**Activity:**
Copy each record exactly as it reads, leaving out any pictures it holds.

"""

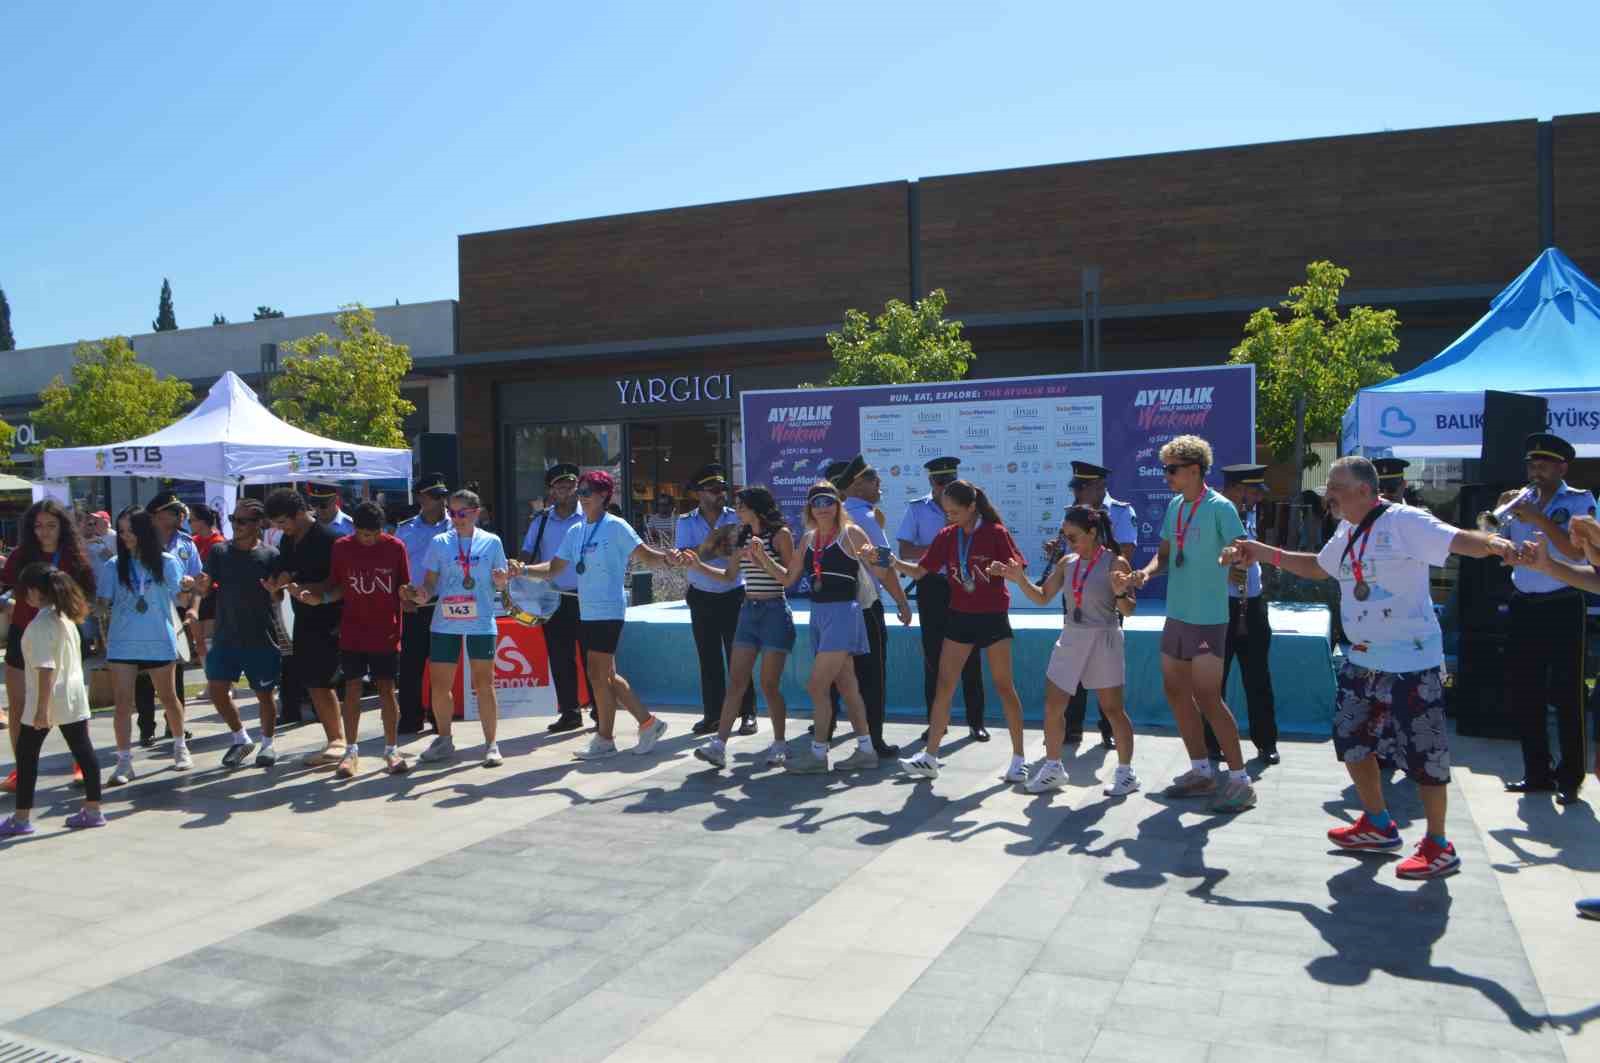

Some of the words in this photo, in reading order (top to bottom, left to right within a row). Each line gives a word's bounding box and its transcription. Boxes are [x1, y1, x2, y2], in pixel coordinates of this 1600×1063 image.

[616, 374, 732, 404] YARGICI
[890, 393, 911, 402] RUN,
[914, 392, 934, 401] EAT,
[935, 389, 981, 400] EXPLORE:
[1135, 386, 1215, 406] AYVALIK
[768, 405, 833, 422] AYVALIK
[11, 423, 40, 445] OL
[112, 446, 162, 463] STB
[307, 450, 357, 467] STB
[1138, 465, 1165, 477] Setu
[349, 575, 392, 594] RUN
[449, 605, 470, 615] 143
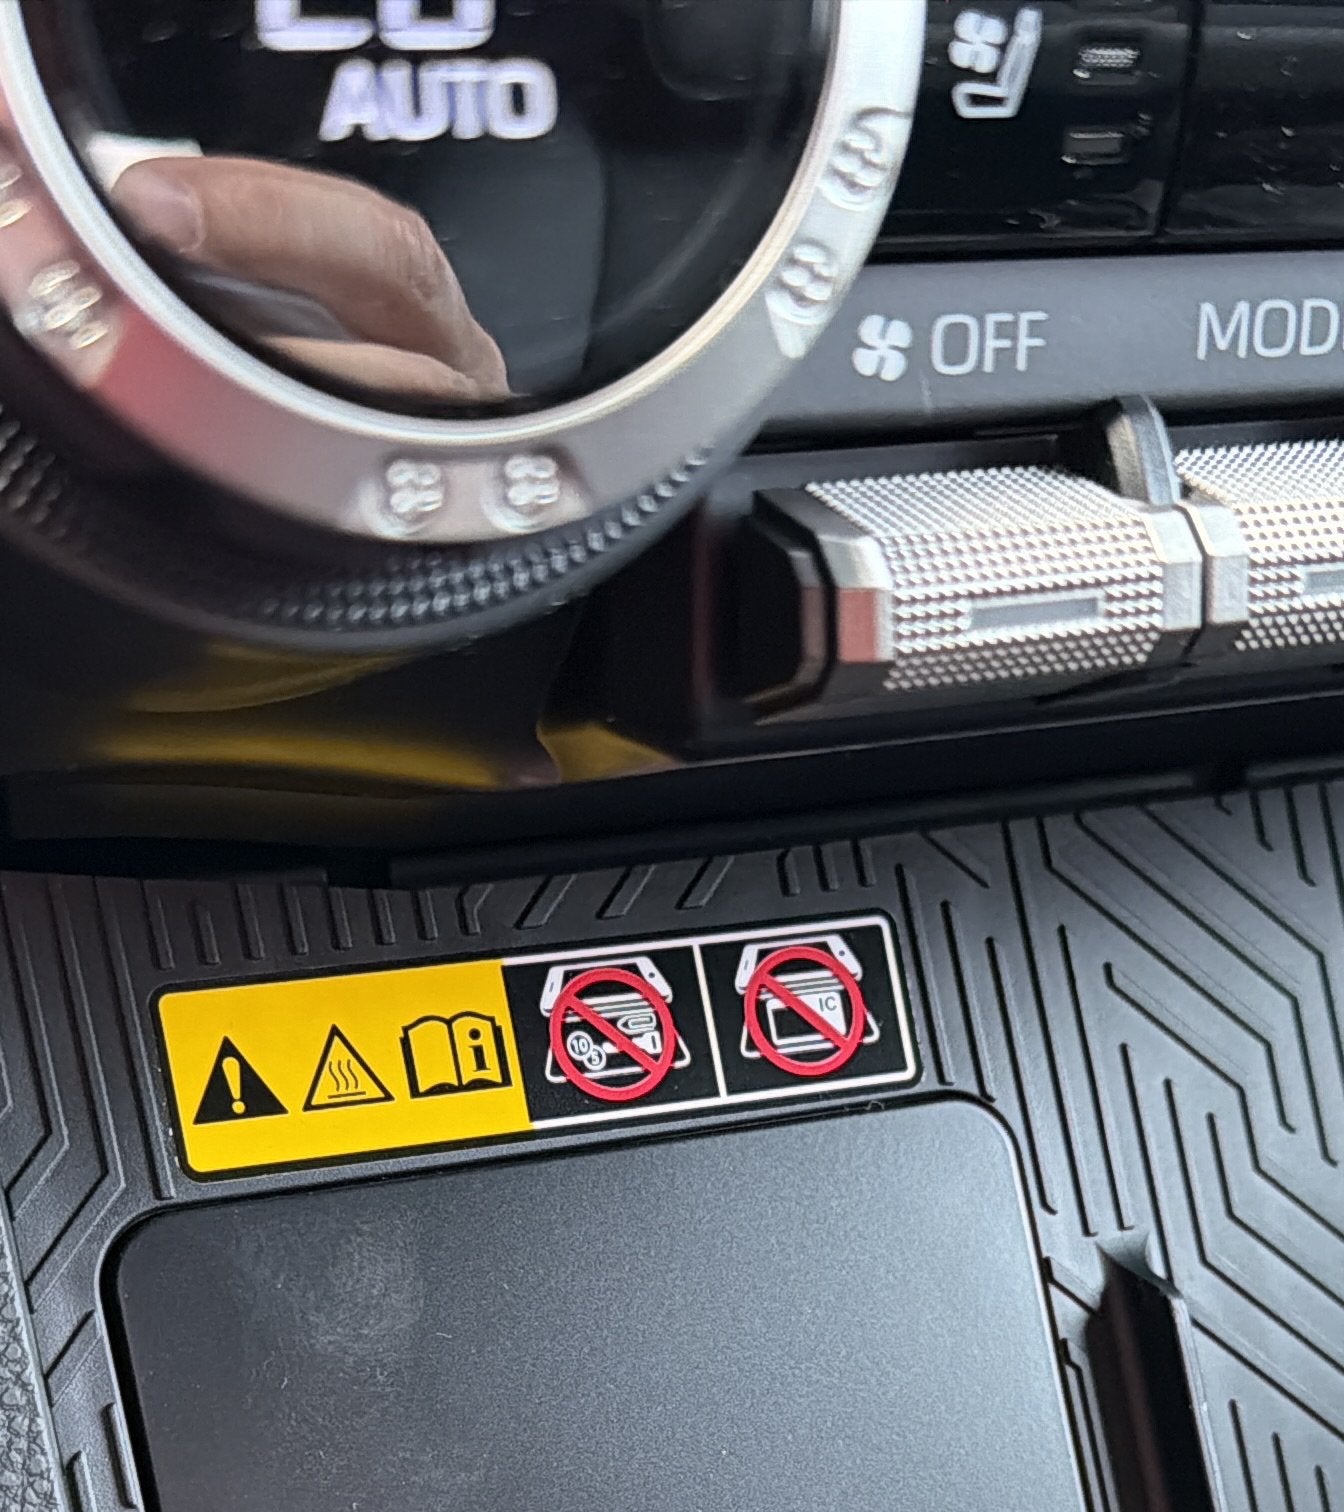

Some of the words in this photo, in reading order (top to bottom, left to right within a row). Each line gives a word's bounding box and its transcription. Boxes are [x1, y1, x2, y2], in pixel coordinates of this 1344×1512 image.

[318, 57, 558, 141] AUTO
[930, 311, 1048, 376] OFF
[819, 996, 838, 1013] IC
[570, 1036, 588, 1054] 10

"""

**Result of this task:**
Some of the words in this photo, in reading order (top to bottom, left to right within a row). Each line gives a word's bounding box and its transcription. Boxes are [x1, y1, x2, y2], in pixel coordinates of this 1600×1063 image.

[616, 374, 732, 404] YARGICI
[890, 393, 911, 402] RUN,
[914, 392, 934, 401] EAT,
[935, 389, 981, 400] EXPLORE:
[1135, 386, 1215, 406] AYVALIK
[768, 405, 833, 422] AYVALIK
[11, 423, 40, 445] OL
[112, 446, 162, 463] STB
[307, 450, 357, 467] STB
[1138, 465, 1165, 477] Setu
[349, 575, 392, 594] RUN
[449, 605, 470, 615] 143

Some of the words in this photo, in reading order (top to bottom, left to right within a row). Each line gives a word's bounding box and its transcription. Boxes are [x1, y1, x2, y2], in pixel coordinates of this 1344×1512 image.

[318, 57, 558, 141] AUTO
[930, 311, 1048, 376] OFF
[819, 996, 838, 1013] IC
[570, 1036, 588, 1054] 10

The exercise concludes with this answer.